Entre os principais aeroportos do País, o do Galeão, no Rio de Janeiro, é o que terá o maior desafio para melhorar a eficiência nos próximos 12 meses. De acordo com portaria publicada hoje no Diário Oficial da União pela Agência Nacional de Aviação Civil (Anac), o Galeão terá de ser 30,78% mais eficiente.

A Anac divulgou metas individuais de eficiência para cada aeroporto com base em um indicador internacional chamado WLU (work load units). Esse indicador divide o número de embarques e desembarques e o volume de cargas pelos custos (operacional, administrativo e financeiro).

Essas metas serão levadas em consideração daqui a um ano, quando a Anac irá reavaliar as tarifas aeroportuárias. Só poderão reajustar as tarifas integralmente pelo Índice de Preços ao Consumidor Amplo (IPCA) os aeroportos que cumprirem as metas de eficiência estabelecidas. Caso contrário, o índice será deflacionado.
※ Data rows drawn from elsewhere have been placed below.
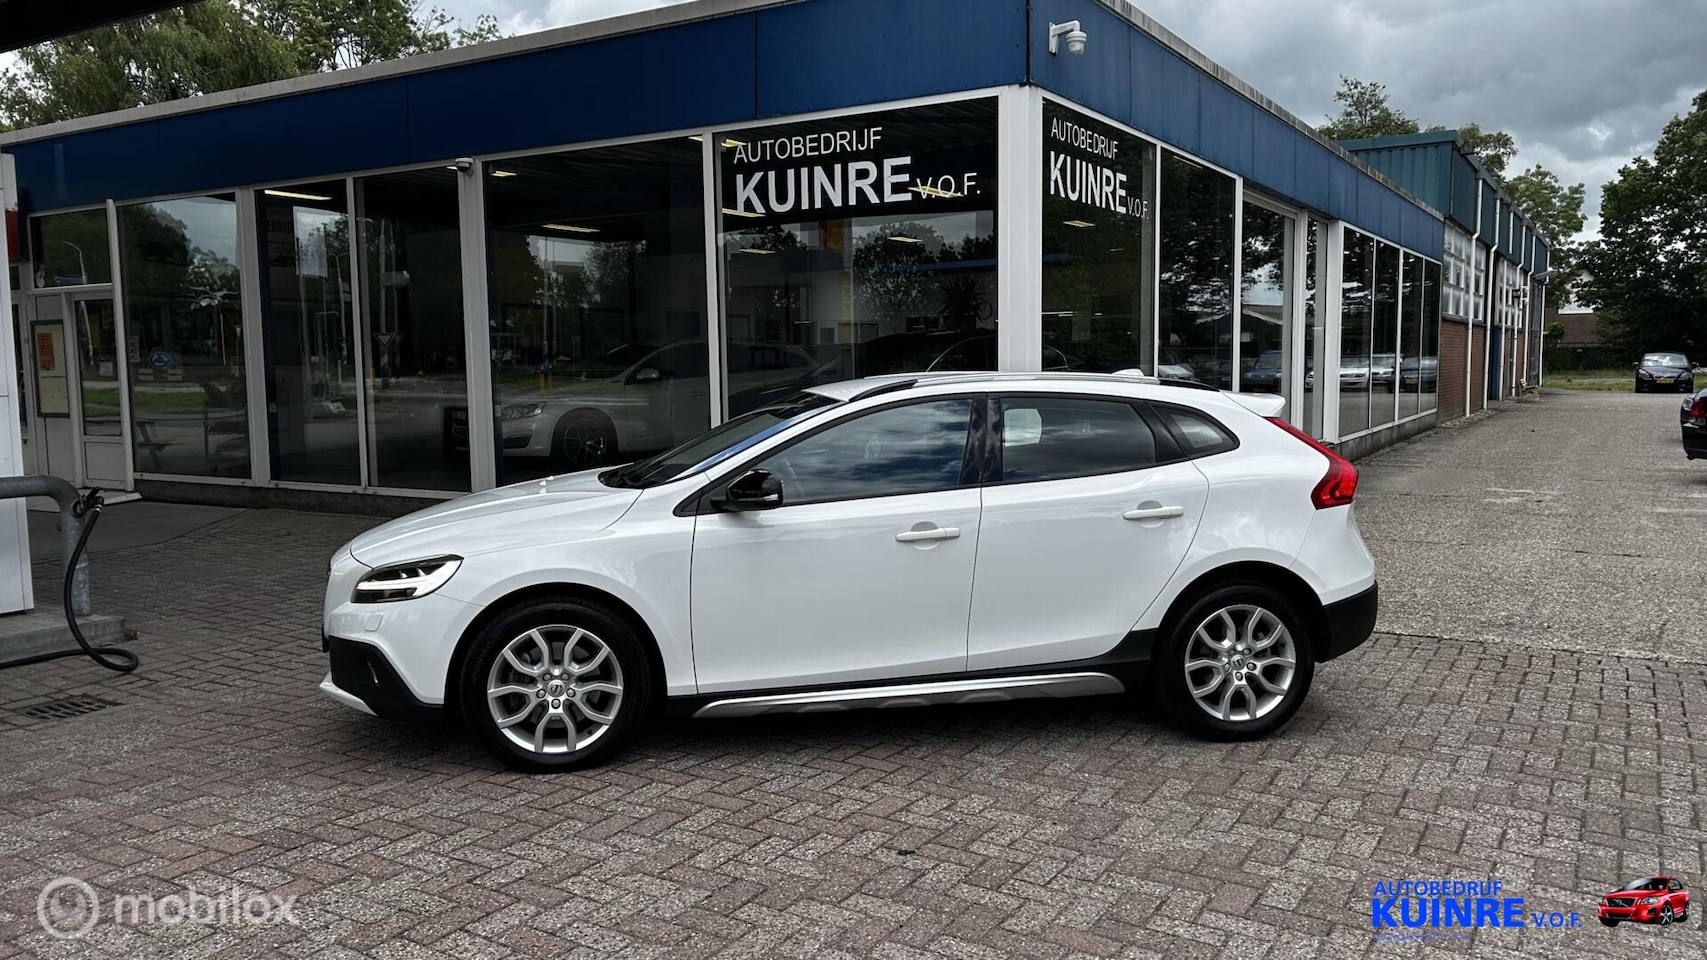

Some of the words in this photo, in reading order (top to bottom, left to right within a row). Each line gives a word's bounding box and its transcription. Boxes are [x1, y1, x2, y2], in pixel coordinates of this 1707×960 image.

[734, 127, 882, 164] AUTOBEDRIJF
[1050, 117, 1118, 159] AUTOBEDRIJF
[736, 156, 912, 214] KUINRE
[916, 172, 981, 200] V.O.F.
[1050, 150, 1127, 214] KUINRE
[1127, 196, 1149, 219] V.O.F.
O Aeroporto Internacional de São Paulo, em Guarulhos, terá de melhorar seu WLU em 15,81%. O Aeroporto Internacional de Confins, na região metropolitana de Belo Horizonte, tem como meta uma melhora de 12,64% e o Aeroporto de Congonhas, na zona sul de São Paulo, terá de apresentar uma melhora de 9,75% na sua eficiência. O Aeroporto Internacional de Brasília tem como meta uma melhora de 7,41%, enquanto a meta do Aeroporto Internacional de Viracopos, em Campinas (SP), é de 4,90%, e a do Aeroporto Santos Dumont, no Rio de Janeiro, de 2,75%.